"Depressed" caudate and ventral striatum dopamine transporter availability in de novo Depressed Parkinson's disease

Abstract

Depression can occur before the onset of motor symptoms in Parkinson's disease (PD) patients. The pathophysiology of depression in PD involves various brain regions and relevant functional circuits. This study investigated whether there exist distinctive patterns of presynaptic monoamine transporter densities in the basal ganglia depending on the degree of depression in patients with PD. A total of 123 early and drug-naïve PD patients were enrolled. Their affective status was evaluated by the Montgomery-Asberg Depression Rating Scale (MADRS), and subjects were subgrouped into one of the following three groups according to their MADRS scores: no depression, mild depression, and moderate-to-severe depression. All patients underwent positron emission tomography (PET) using 18F-N-(3-fluoropropyl)-2beta-carbon ethoxy-3beta-(4-iodophenyl) nortropane. The PET images were normalized, and differences in the regional standardized uptake value ratios (SUVRs) for each side of the caudate, putamen, globus pallidus, thalamus, and ventral striatum were analyzed and compared between the three groups. A trend analysis was performed across the groups to discern any associations between SUVR values of the basal ganglia and depression severity. The SUVR values of the caudate, anterior caudate nuclei, and ventral striatum declined as MADRS increased.
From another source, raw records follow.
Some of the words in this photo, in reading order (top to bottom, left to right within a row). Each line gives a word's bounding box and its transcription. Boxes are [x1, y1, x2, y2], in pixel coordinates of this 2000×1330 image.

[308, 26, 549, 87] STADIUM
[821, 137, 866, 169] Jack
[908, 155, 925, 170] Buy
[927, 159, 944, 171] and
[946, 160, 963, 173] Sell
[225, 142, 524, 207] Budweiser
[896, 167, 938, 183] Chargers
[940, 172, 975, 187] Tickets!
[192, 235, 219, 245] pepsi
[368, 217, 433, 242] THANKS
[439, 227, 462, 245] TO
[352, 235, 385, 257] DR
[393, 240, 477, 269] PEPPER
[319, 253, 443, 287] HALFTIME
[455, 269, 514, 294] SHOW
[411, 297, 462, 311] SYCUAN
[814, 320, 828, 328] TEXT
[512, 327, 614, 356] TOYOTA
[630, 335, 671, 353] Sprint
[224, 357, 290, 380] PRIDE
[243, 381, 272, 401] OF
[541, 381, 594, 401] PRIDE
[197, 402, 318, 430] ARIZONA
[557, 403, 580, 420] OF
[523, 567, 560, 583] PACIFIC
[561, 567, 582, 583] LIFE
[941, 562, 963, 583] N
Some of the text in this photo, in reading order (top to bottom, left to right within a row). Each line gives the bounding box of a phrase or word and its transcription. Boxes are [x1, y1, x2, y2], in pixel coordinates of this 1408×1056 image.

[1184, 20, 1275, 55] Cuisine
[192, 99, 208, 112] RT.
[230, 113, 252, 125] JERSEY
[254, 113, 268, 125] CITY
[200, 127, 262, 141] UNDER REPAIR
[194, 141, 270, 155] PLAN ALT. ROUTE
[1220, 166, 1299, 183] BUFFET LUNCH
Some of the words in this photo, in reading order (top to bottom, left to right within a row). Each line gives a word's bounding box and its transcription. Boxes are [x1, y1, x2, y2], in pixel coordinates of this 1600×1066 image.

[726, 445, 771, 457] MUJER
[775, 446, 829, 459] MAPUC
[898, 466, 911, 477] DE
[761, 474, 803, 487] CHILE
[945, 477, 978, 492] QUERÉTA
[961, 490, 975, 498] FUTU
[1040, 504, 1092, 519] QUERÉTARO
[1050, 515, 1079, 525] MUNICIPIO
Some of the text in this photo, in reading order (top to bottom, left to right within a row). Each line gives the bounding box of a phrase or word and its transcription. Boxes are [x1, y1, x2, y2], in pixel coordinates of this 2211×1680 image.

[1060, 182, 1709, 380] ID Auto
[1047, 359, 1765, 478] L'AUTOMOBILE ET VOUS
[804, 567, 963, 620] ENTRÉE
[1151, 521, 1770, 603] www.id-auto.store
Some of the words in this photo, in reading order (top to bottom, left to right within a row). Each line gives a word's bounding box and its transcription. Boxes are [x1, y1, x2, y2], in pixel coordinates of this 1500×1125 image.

The SUVR values of the striatum showed an inverse dose-dependent trend of antero- and ventroposterior gradient across the groups. This result indirectly revealed the involvement of the associative and limbic circuitry of the brain that are modulated by monoamines in early PD with depression. This might suggest an in vivo causal relationship between the ventral striatum, caudate and depression.